Required work: Aim for an exact copy of the listing, without any images.

Content starts

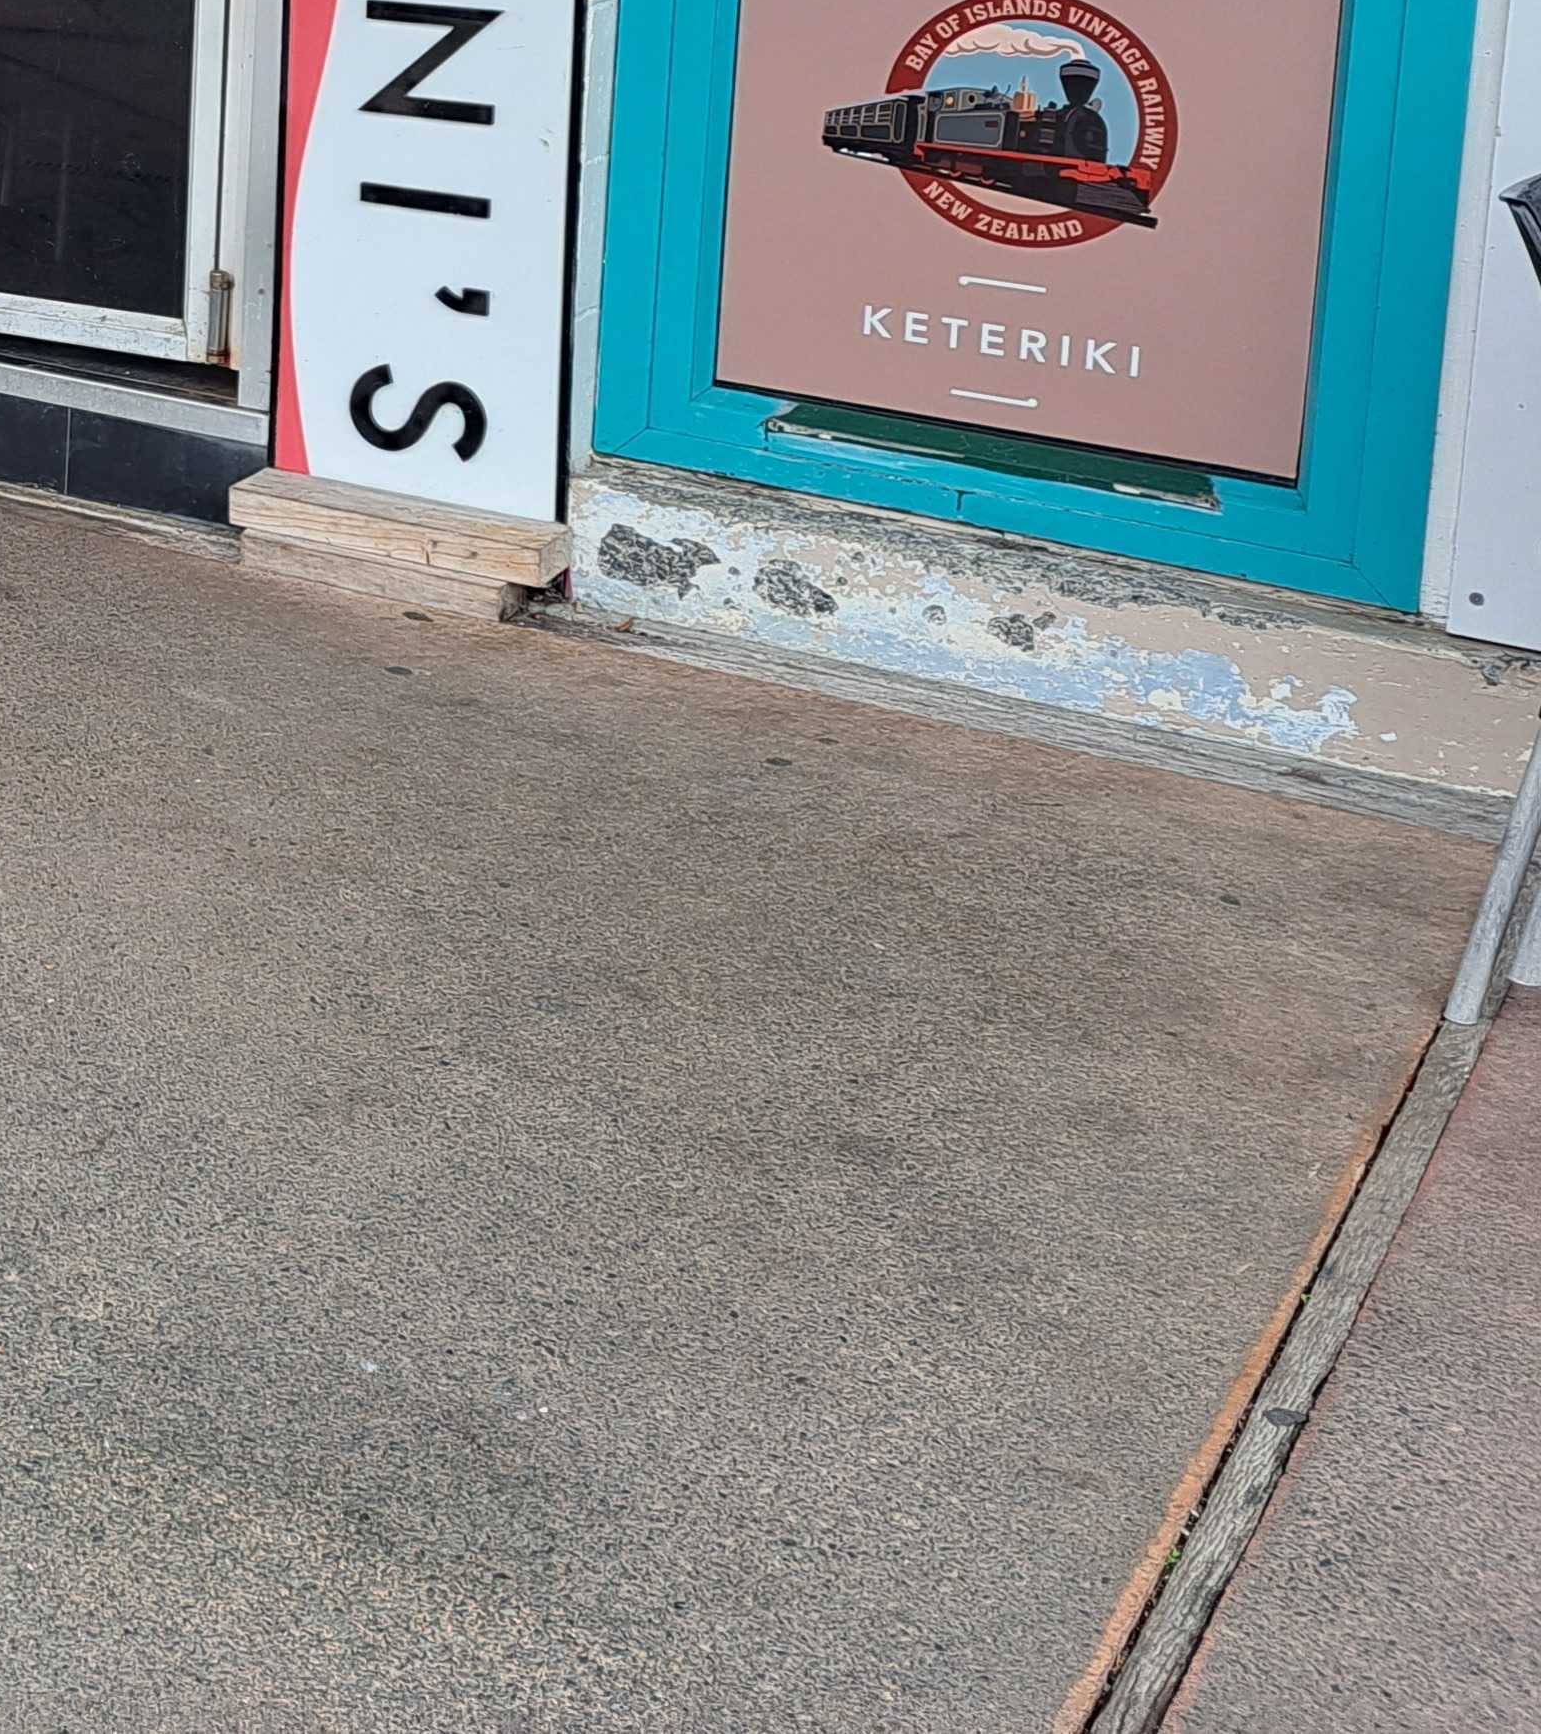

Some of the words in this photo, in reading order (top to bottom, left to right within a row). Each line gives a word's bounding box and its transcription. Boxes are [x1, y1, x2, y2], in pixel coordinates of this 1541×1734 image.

[903, 32, 936, 73] BAY
[937, 13, 963, 41] OF
[1066, 6, 1151, 77] VINTAGE
[1136, 77, 1167, 169] RAILWAY
[922, 179, 974, 222] NEW
[973, 215, 1085, 243] ZEALAND
[862, 302, 1143, 379] KETERIKI
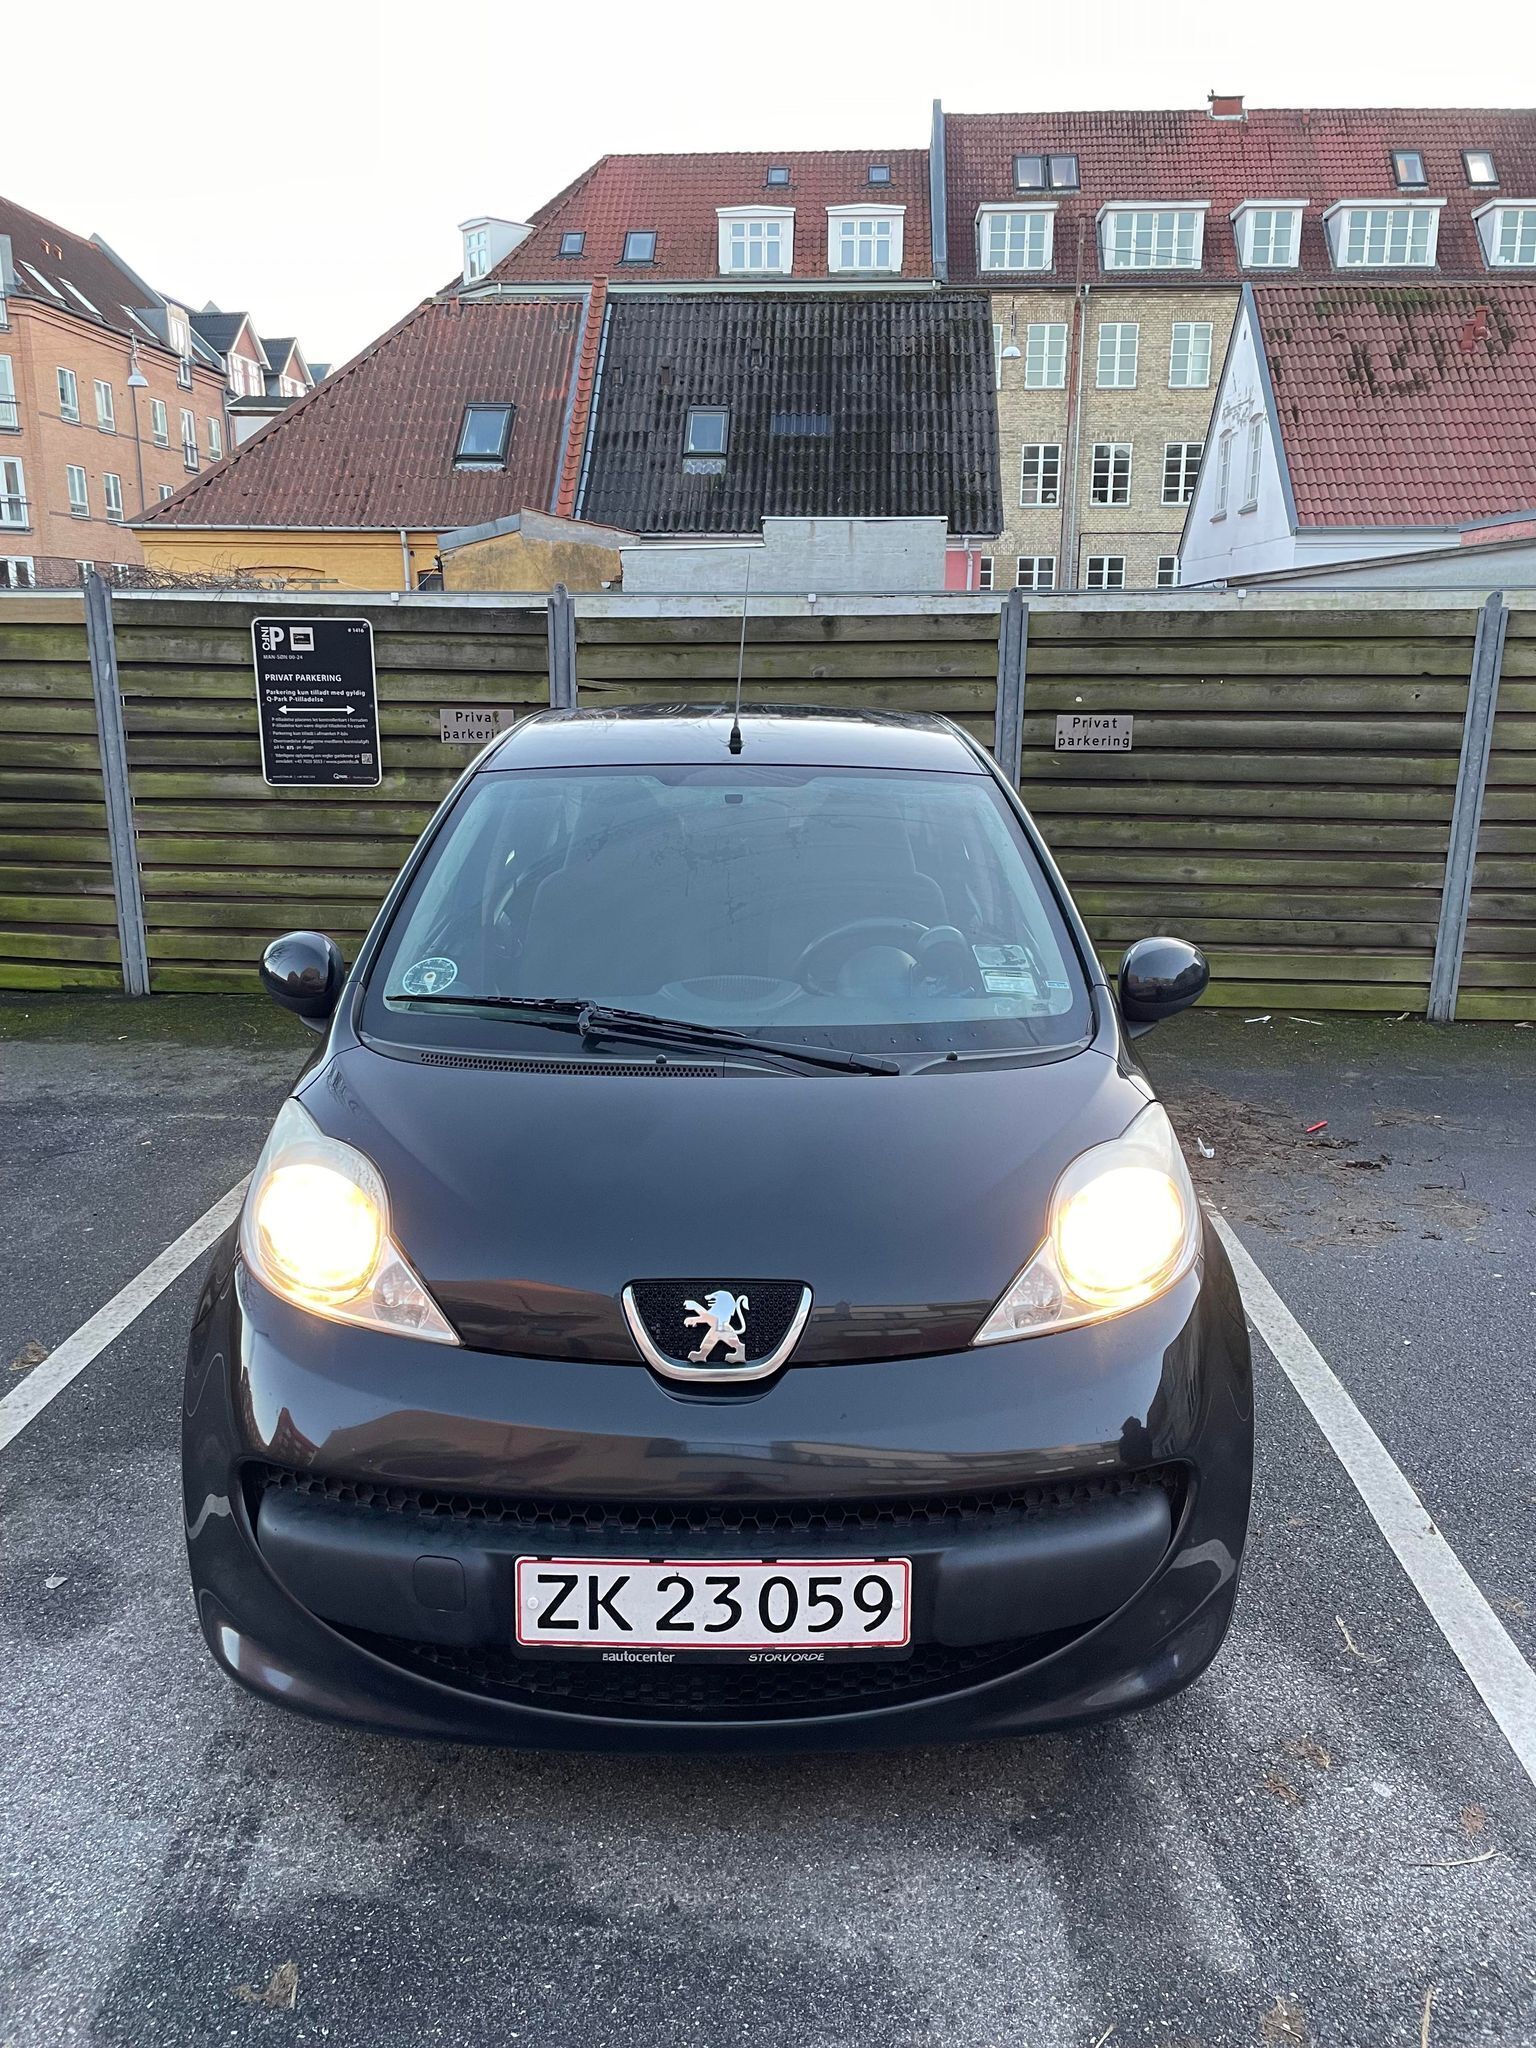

Content ends

Answer for this exercise:
Some of the words in this photo, in reading order (top to bottom, left to right within a row). Each line gives a word's bounding box and its transcription. Boxes are [x1, y1, x2, y2], in pixel coordinates of this 1541×1734 image.

[903, 32, 936, 73] BAY
[937, 13, 963, 41] OF
[1066, 6, 1151, 77] VINTAGE
[1136, 77, 1167, 169] RAILWAY
[922, 179, 974, 222] NEW
[973, 215, 1085, 243] ZEALAND
[862, 302, 1143, 379] KETERIKI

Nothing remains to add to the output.